Jalan Panjang Pendidikan di Kota Bekasi
Menjadi bekas palagan perang, Bekasi bangkit dengan permulaan berat. Untuk memotivasi belajar warga saja sulit. Kini warga Bekasi sedang berlari mengejar kemajuan zaman.
Memasuki dekade 1980, Bekasi menunjukkan geliat perkembangan. Beragam industri tumbuh dan berkembang wilayah yang berada di sisi timur Ibu Kota ini. Sayangnya, warga Bekasi gagap menghadapi kemajuan pesat ini.
Saat itu, tidak banyak tenaga kerja lokal yang terserap di Bekasi. Hanya sebagian kecil dari mereka yang bisa memanfaatkan peluang yang ada. Sementara mayoritas warga masih terbelakang dalam pendidikan.

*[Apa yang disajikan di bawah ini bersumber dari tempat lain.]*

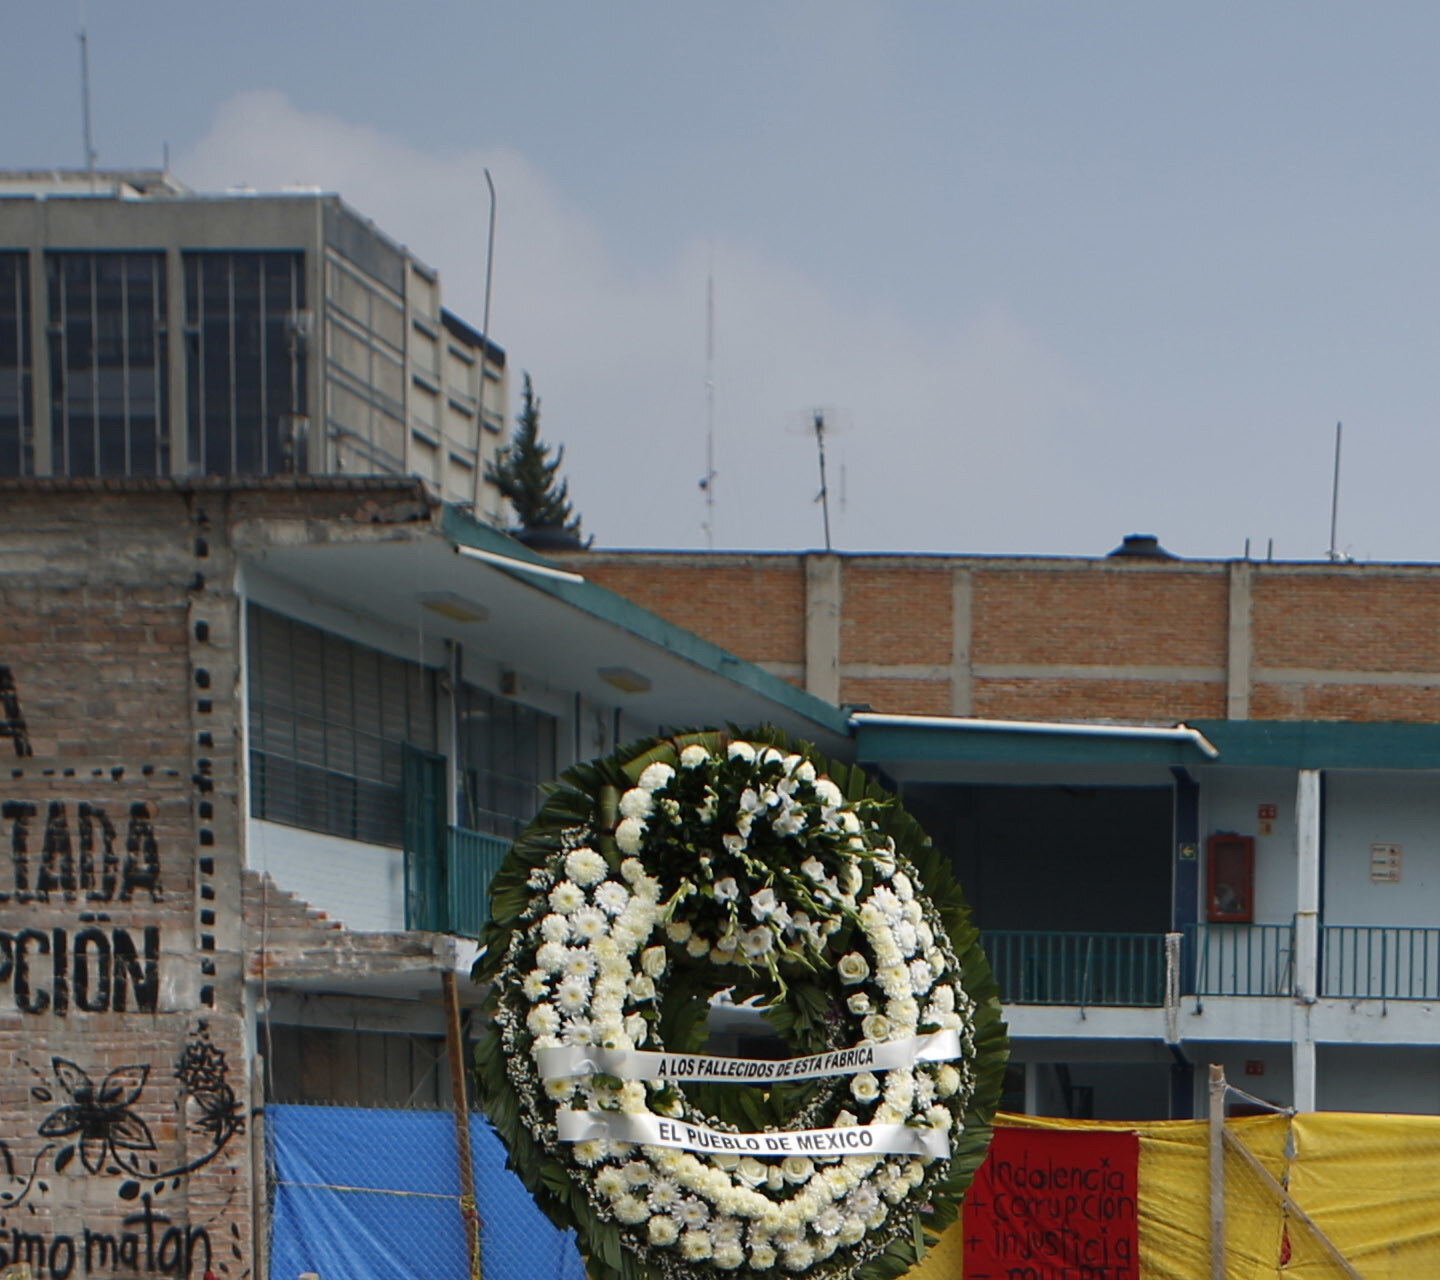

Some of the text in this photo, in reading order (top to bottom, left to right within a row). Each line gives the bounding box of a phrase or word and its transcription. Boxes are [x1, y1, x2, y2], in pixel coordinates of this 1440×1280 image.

[658, 1047, 874, 1077] A LOS FALLECIDOS DE ESTA FABRICA
[659, 1122, 874, 1151] EL PUEBLO DE MEXICO
[84, 1192, 212, 1280] matan
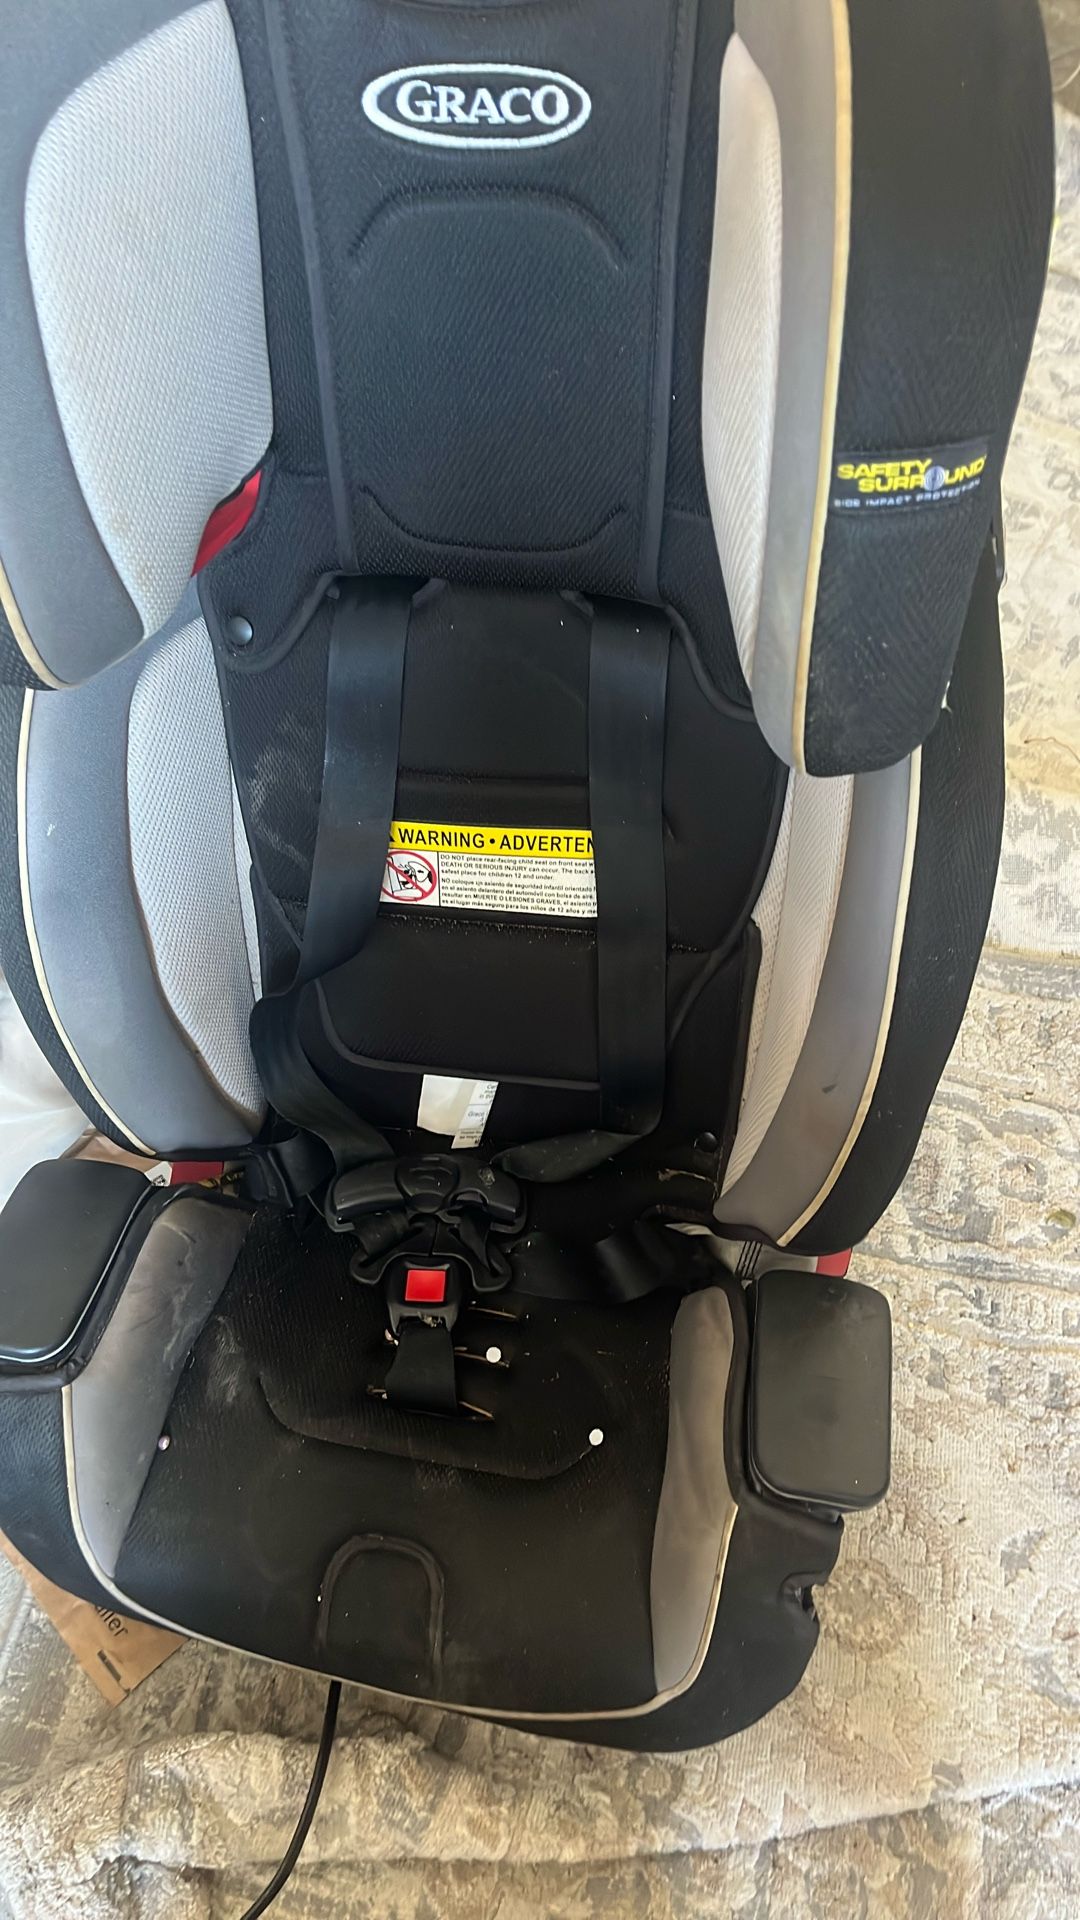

”Warga Bekasi kebanyakan masih lulusan sekolah dasar dan sekolah menengah pertama. Tenaga kerja seperti guru dan perawat harus direkrut dari luar daerah,” kata pemerhati sejarah Bekasi, Ali Anwar, Jumat (13/7/2018).
Dampak perang
Dibandingkan dengan wilayah di sekitar Jakarta lain, pembangunan sektor pendidikan di Bekasi relatif terlambat. Pada masa pendudukan Belanda, wilayah Bekasi merupakan tanah partikelir yang dikuasai tuan tanah. Meski terdapat bangunan sekolah, aktivitas ekonomi lebih diprioritaskan ketimbang pendidikan.
Keterlambatan itu kian menjadi-jadi selama revolusi fisik melanda pada tahun 1945-1949. Meski pusat komando perang yang berada dari Karawang dan Cikampek, Jawa Barat, arena pertempuran antara pejuang Indonesia dan tentara sekutu ada di Bekasi.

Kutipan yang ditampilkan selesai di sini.